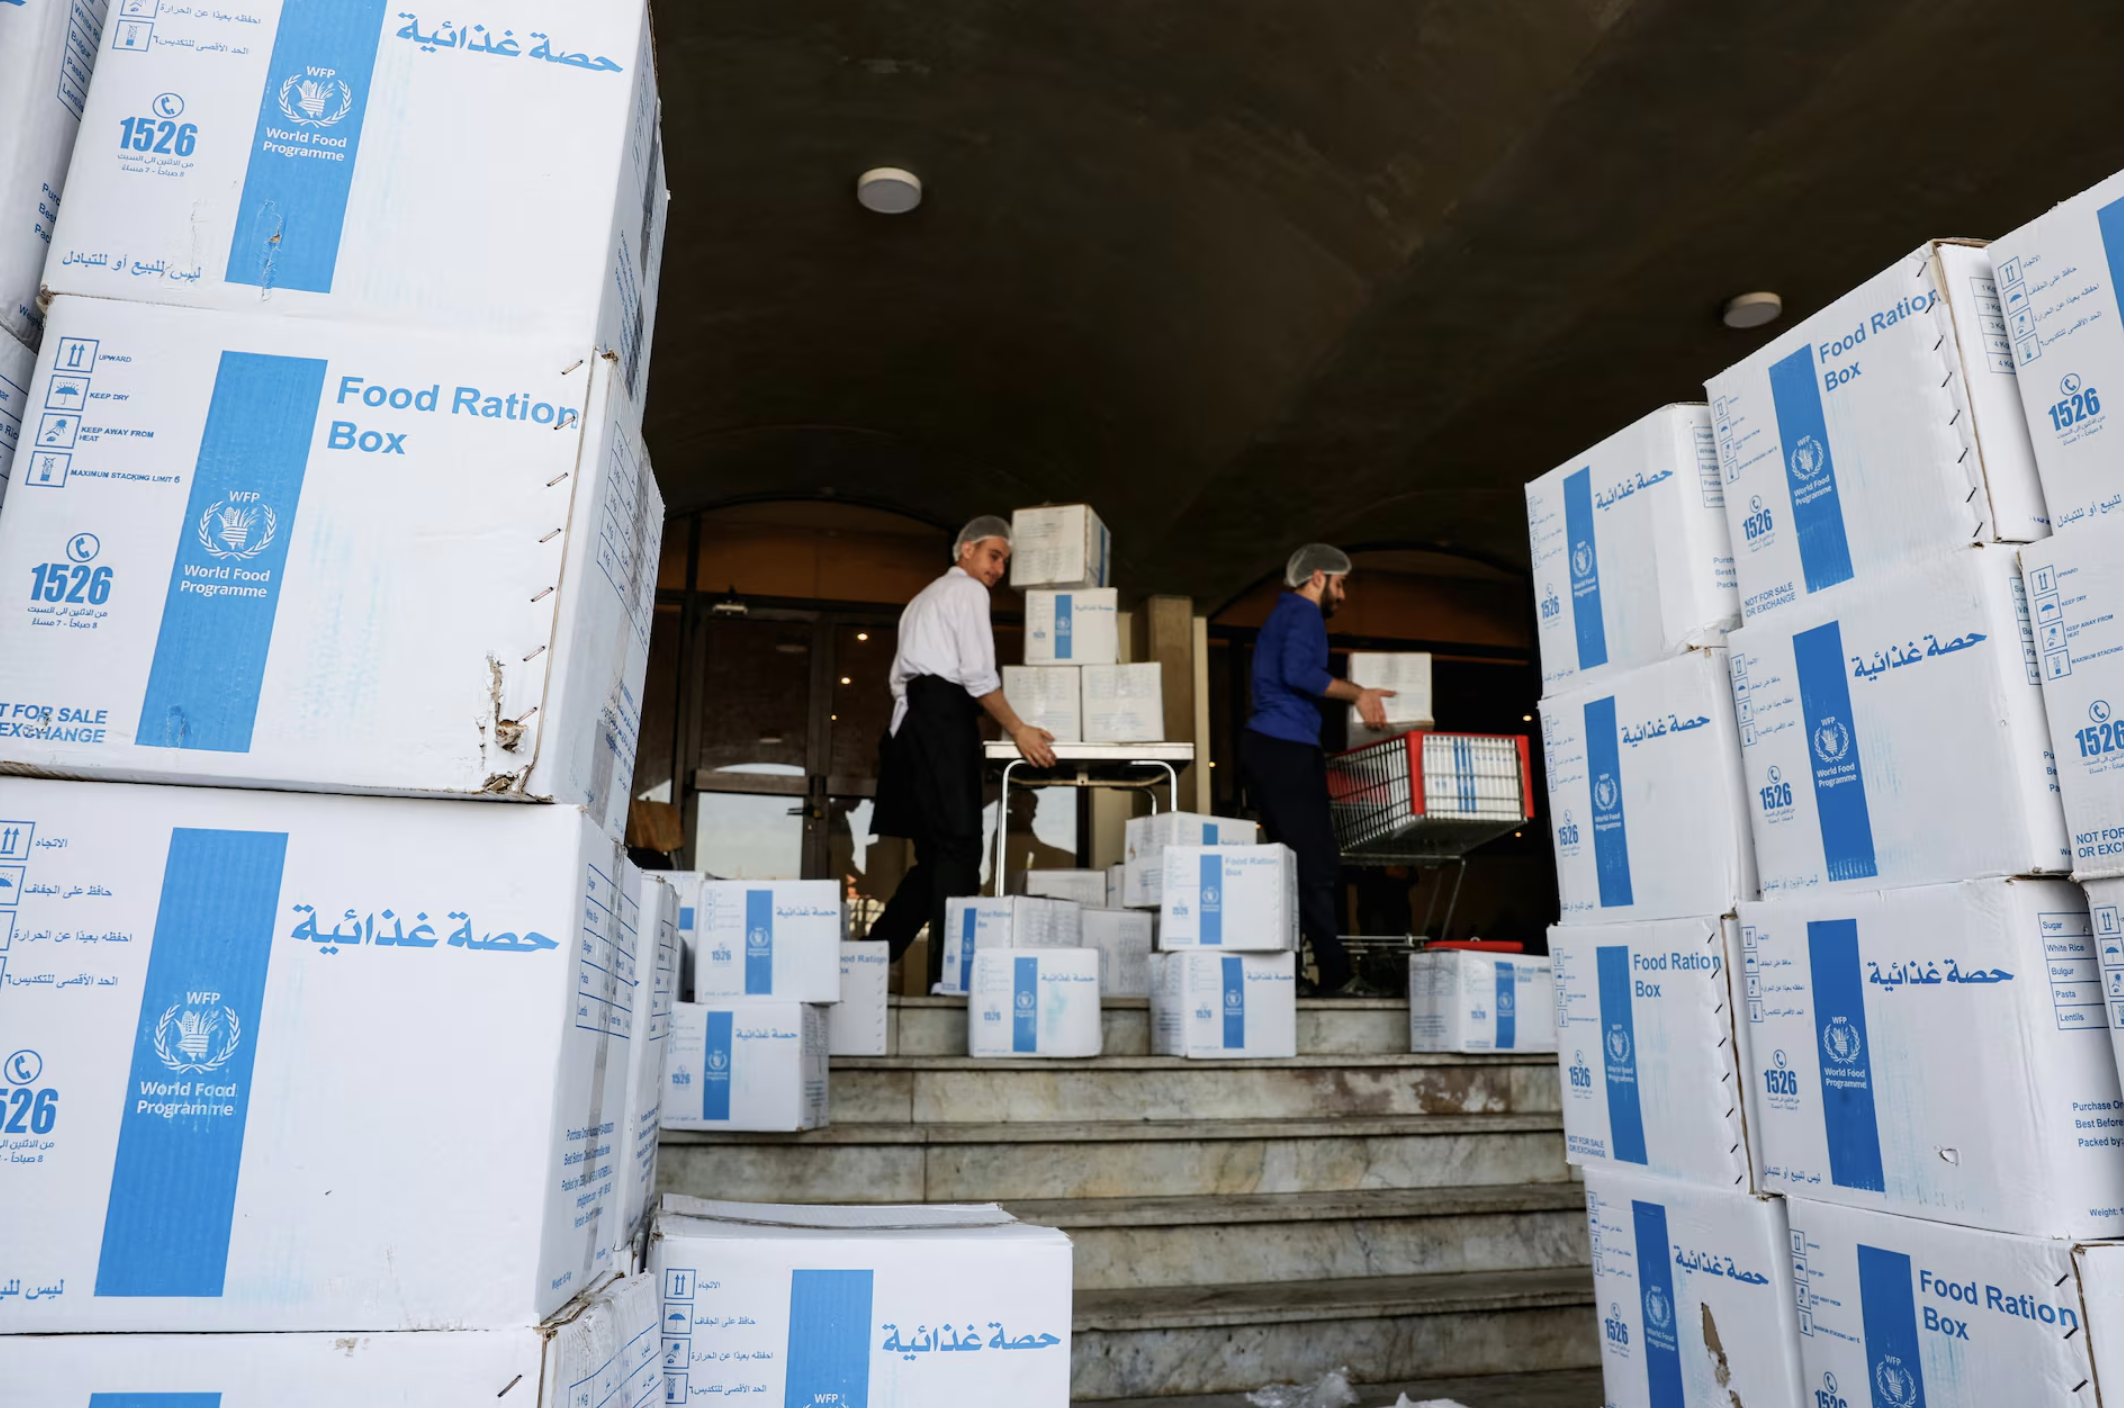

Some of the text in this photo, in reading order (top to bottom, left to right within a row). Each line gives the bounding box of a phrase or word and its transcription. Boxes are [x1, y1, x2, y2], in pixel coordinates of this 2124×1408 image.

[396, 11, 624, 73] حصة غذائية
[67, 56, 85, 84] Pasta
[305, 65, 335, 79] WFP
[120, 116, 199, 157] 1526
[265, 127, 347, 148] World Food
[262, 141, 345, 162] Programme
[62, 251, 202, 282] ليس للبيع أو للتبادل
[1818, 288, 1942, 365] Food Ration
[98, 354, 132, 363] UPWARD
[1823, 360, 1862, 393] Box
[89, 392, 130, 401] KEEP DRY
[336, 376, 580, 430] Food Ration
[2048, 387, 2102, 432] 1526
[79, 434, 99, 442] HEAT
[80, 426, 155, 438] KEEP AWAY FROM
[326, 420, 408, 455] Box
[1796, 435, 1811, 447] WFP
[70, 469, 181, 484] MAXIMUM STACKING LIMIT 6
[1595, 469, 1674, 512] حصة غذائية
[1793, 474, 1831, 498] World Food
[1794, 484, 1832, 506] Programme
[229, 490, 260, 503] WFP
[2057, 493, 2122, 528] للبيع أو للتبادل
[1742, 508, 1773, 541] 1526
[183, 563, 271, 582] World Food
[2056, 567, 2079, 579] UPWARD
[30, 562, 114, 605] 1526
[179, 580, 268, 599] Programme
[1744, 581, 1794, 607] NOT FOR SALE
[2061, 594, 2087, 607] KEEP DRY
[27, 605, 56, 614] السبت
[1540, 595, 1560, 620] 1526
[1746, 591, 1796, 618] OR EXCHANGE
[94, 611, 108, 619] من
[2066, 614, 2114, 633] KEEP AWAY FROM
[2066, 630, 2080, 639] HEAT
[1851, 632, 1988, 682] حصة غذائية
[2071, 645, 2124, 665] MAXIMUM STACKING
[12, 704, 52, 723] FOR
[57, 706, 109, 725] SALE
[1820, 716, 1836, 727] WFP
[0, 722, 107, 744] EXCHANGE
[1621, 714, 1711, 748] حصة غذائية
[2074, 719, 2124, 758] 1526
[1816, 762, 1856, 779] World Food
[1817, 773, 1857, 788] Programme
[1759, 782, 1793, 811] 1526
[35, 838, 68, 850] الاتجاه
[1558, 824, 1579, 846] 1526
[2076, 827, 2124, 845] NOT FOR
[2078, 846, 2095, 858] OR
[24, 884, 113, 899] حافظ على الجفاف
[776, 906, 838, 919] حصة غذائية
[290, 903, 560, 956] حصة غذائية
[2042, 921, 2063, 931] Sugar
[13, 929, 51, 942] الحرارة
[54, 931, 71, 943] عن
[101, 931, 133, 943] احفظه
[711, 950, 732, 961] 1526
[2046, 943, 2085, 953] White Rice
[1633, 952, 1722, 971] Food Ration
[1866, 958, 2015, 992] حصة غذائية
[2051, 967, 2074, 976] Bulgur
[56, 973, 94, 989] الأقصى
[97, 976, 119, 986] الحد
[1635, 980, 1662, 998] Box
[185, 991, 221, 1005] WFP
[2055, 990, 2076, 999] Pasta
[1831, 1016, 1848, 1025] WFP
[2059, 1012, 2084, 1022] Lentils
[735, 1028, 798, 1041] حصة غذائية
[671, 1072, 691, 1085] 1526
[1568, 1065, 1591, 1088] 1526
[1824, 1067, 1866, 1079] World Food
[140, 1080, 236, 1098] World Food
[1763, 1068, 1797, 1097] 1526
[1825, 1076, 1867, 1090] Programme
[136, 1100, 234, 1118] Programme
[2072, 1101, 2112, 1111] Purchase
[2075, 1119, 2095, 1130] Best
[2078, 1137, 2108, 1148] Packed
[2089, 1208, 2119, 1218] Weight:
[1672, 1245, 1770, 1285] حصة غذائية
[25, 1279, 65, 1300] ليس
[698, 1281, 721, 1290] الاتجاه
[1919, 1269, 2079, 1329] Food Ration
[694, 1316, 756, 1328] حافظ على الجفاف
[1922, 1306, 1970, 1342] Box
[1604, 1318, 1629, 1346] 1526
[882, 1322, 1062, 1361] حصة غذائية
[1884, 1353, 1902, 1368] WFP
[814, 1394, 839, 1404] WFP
= = = = = = =
=== Exercise brief ===
The result should be every line that contains "غذائية", copied from the entries.

=== Output of the task ===
[396, 11, 624, 73] حصة غذائية
[1595, 469, 1674, 512] حصة غذائية
[1851, 632, 1988, 682] حصة غذائية
[1621, 714, 1711, 748] حصة غذائية
[776, 906, 838, 919] حصة غذائية
[290, 903, 560, 956] حصة غذائية
[1866, 958, 2015, 992] حصة غذائية
[735, 1028, 798, 1041] حصة غذائية
[1672, 1245, 1770, 1285] حصة غذائية
[882, 1322, 1062, 1361] حصة غذائية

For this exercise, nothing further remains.